En un giro histórico para la salud pública, los Estados Unidos han anunciado una reformulación profunda de sus directrices alimentarias para el periodo 2025-2030. La gran novedad es el retorno y la transformación del concepto de la pirámide alimentaria, que ahora se presenta de forma invertida, situando a las proteínas en la cúspide de la prioridad nutricional.
Este nuevo modelo rompe con el esquema clásico de 1992, donde los granos y carbohidratos ocupaban la base ancha del consumo diario. En la versión actual, la zona superior y más amplia del triángulo está destinada a las proteínas, mientras que los carbohidratos refinados y almidones han sido desplazados hacia la base estrecha, indicando un consumo limitado.
Proteína: El nuevo pilar metabólico
Las nuevas directrices elevan los rangos recomendados de ingesta proteica a valores entre 1,2 y 1,6 gramos por kilo de peso corporal al día. Este cambio valida tanto las fuentes animales (carnes, huevos, pescados y lácteos) como las vegetales (legumbres y soja).
“Se trata de un reconocimiento oficial del papel central de la proteína en el mantenimiento de la masa muscular, la salud metabólica y el envejecimiento saludable”, destaca el médico nutriólogo Nataniel Viuniski, miembro del Consejo Consultor de Nutrición de Herbalife.
El fin de la «guerra contra las grasas»
Otro pilar de esta reforma es la reevaluación de las grasas. Tras décadas de ser señaladas como el principal enemigo, los lácteos enteros y las grasas naturales —como el aceite de oliva y el aguacate— dejan de ser vistos como villanos. Incluso las grasas saturadas comienzan a evaluarse dentro del contexto total del alimento, manteniendo un límite recomendado del 10% de la ingesta calórica total.
Por el contrario, el azúcar añadido enfrenta las restricciones más severas de la historia, especialmente en la población infantil, promoviendo dietas de baja carga glucémica como estrategia contra la obesidad y la diabetes tipo 2.
Evidencia contra la sarcopenia y la obesidad
Según Viuniski, estos cambios no son arbitrarios, sino que responden a la literatura científica actual que respalda la reducción de carbohidratos simples para combatir el deterioro funcional y enfermedades metabólicas.
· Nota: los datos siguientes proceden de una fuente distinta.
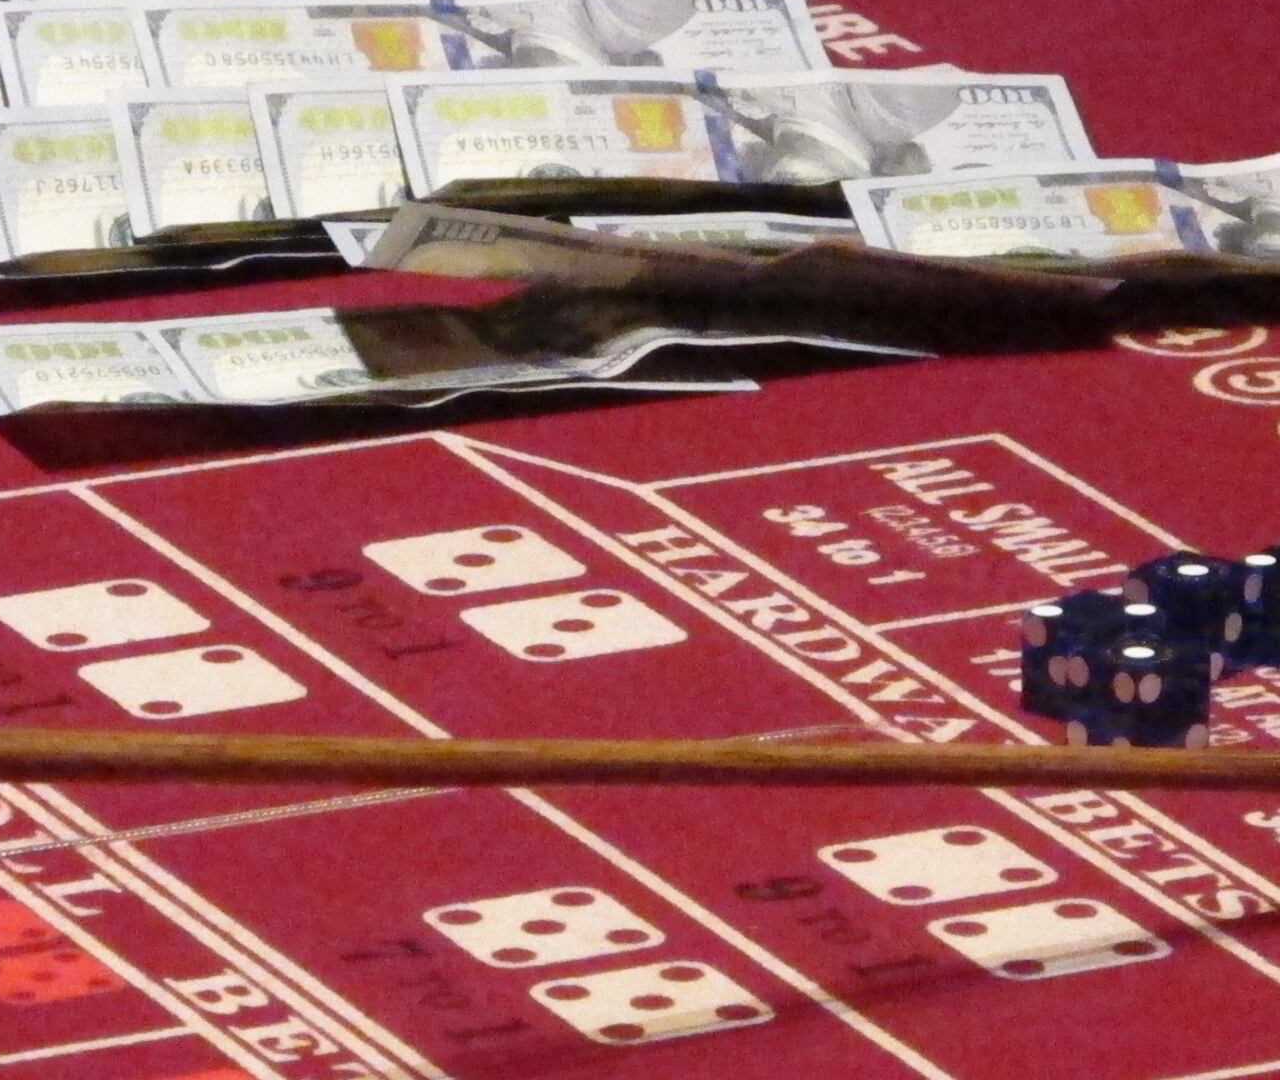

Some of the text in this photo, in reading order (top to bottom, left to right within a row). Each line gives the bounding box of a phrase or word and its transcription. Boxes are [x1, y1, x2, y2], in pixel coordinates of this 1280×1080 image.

“La ciencia apoya el aumento de proteínas y fibras. Este enfoque actualizado busca guiar a la población hacia decisiones más conscientes y hábitos que prevengan la sarcopenia (pérdida de masa muscular) y la diabetes”, explica el especialista. Con este modelo, EE. UU. busca frenar las epidemias de salud moderna mediante un esquema nutricional que prioriza la estructura corporal y la estabilidad de la insulina.